State polls had it right

There were numerous polling controversies of 2012. They included whether established pollsters were accurately capturing the likely electorate in partisan and demographic terms; whether poll aggregators were missing the boat with their probabilistic interpretations of various state projections; and whether state or national polls are more accurate. The election outcome confirmed that the state polls, as is usually the case, had it right.

National polls with more generous non-white shares of the electorate more accurately forecast the national popular vote as the non-white portion of the electorate reached a new high of 28%, according to exit polls. The Republican Party's inability to compete among the non-white portion of the population threatens to relegate it to minority party status for a generation. Democratic strength continues growing in more demographically diverse areas of the nation. The Democratic strength in industrial states Ohio, Michigan and Wisconsin attests to the continued inclusion of white union workers, a staple of the traditional Democratic New Deal coalition, in the evolving 21st century coalition. Unmarried women also continue as a staple of the Democratic coalition.

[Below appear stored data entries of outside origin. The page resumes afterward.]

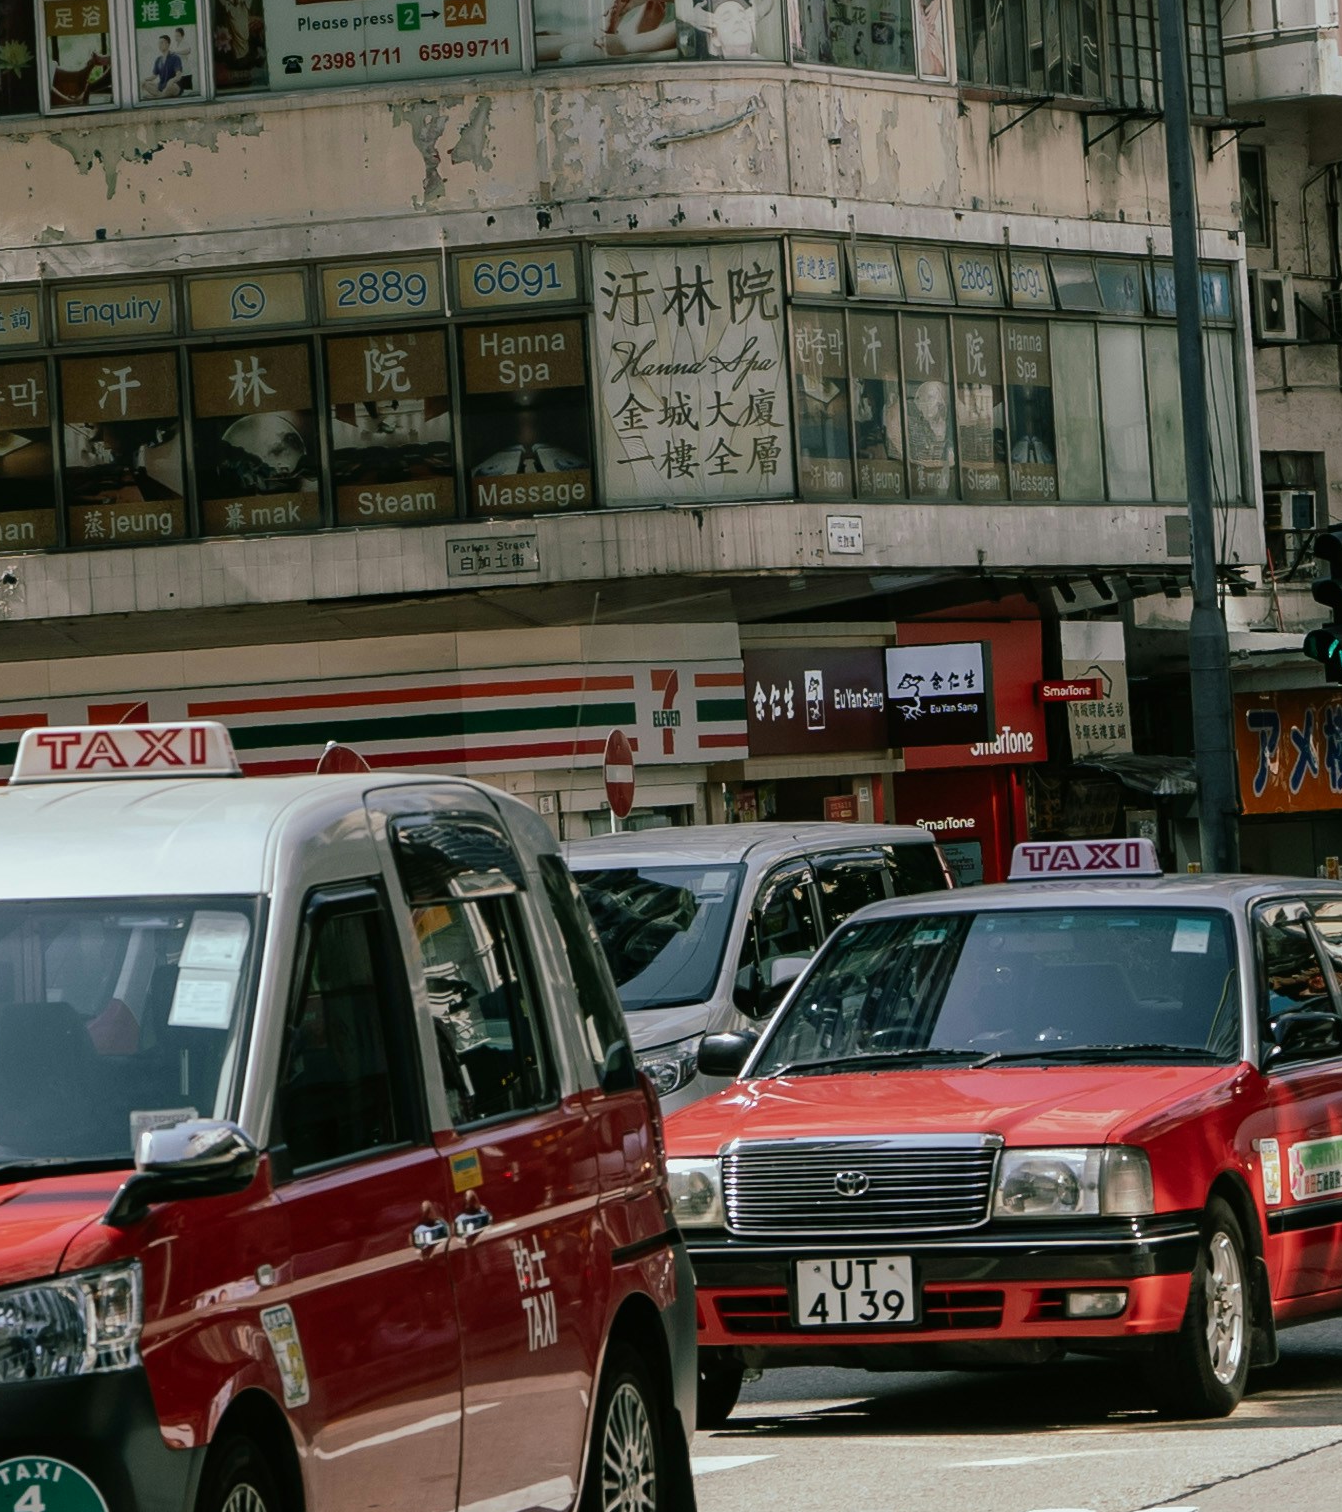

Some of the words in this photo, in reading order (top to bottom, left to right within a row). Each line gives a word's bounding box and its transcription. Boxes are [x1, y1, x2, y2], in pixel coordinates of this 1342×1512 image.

[54, 5, 101, 29] 足浴
[297, 16, 349, 32] Please
[353, 12, 394, 31] press
[403, 9, 415, 26] 2
[446, 2, 484, 21] 24A
[958, 260, 994, 296] 2889
[65, 295, 162, 327] Enquiry
[337, 270, 427, 308] 2889
[473, 261, 562, 297] 6691
[600, 261, 780, 327] 汗林院
[479, 332, 565, 358] Hanna
[1007, 328, 1043, 353] Hanna
[499, 359, 551, 388] Spa
[611, 339, 709, 384] Hanna
[709, 336, 777, 392] Spa
[1015, 355, 1038, 379] Spa
[97, 366, 141, 416] 汗
[228, 355, 277, 408] 林
[363, 346, 412, 394] 院
[612, 388, 785, 432] 金城大廈
[616, 434, 781, 479] 一樓全層
[357, 490, 437, 516] Steam
[477, 481, 586, 507] Massage
[108, 509, 173, 539] jeung
[250, 501, 301, 527] mak
[496, 539, 532, 552] Street
[459, 554, 525, 571] 白加士街
[929, 669, 976, 691] 余仁生
[1042, 685, 1092, 698] SmarTone
[652, 709, 682, 728] ELEVEN
[36, 727, 206, 770] TAXI
[916, 815, 976, 831] SmarTone
[1022, 842, 1140, 872] TAXI
[512, 1233, 551, 1293] 的士
[830, 1258, 878, 1291] UT
[521, 1290, 558, 1352] TAXI
[807, 1289, 905, 1323] 4139

This election was one in which Democrats had both the superior campaign and the superior candidate, plus the advantage of an incumbent President running with a united party. Exit polling indicated that voters considered President Obama the candidate who most understood people like them and who most favored the middle class by wide margins. Unsurprisingly, he won handily among voters for whom those were important concerns.

These perceptions were likely attributable to several first-term policy decisions invoked throughout the campaign, and to devastating media advertising characterizing his Republican opponent as a plutocrat. Among the previous policy choices that were emphasized most were the Auto Rescue, his executive order allowing immigrant youth to avoid deportation, and his health care requirement that employer-provided insurance cover contraception, and passage of the landmark Lily Ledbetter Fair Pay Act. His quest for "tax fairness," requiring the wealthy to do their fair share, further reinforced his identification as the candidate of a battered middle class.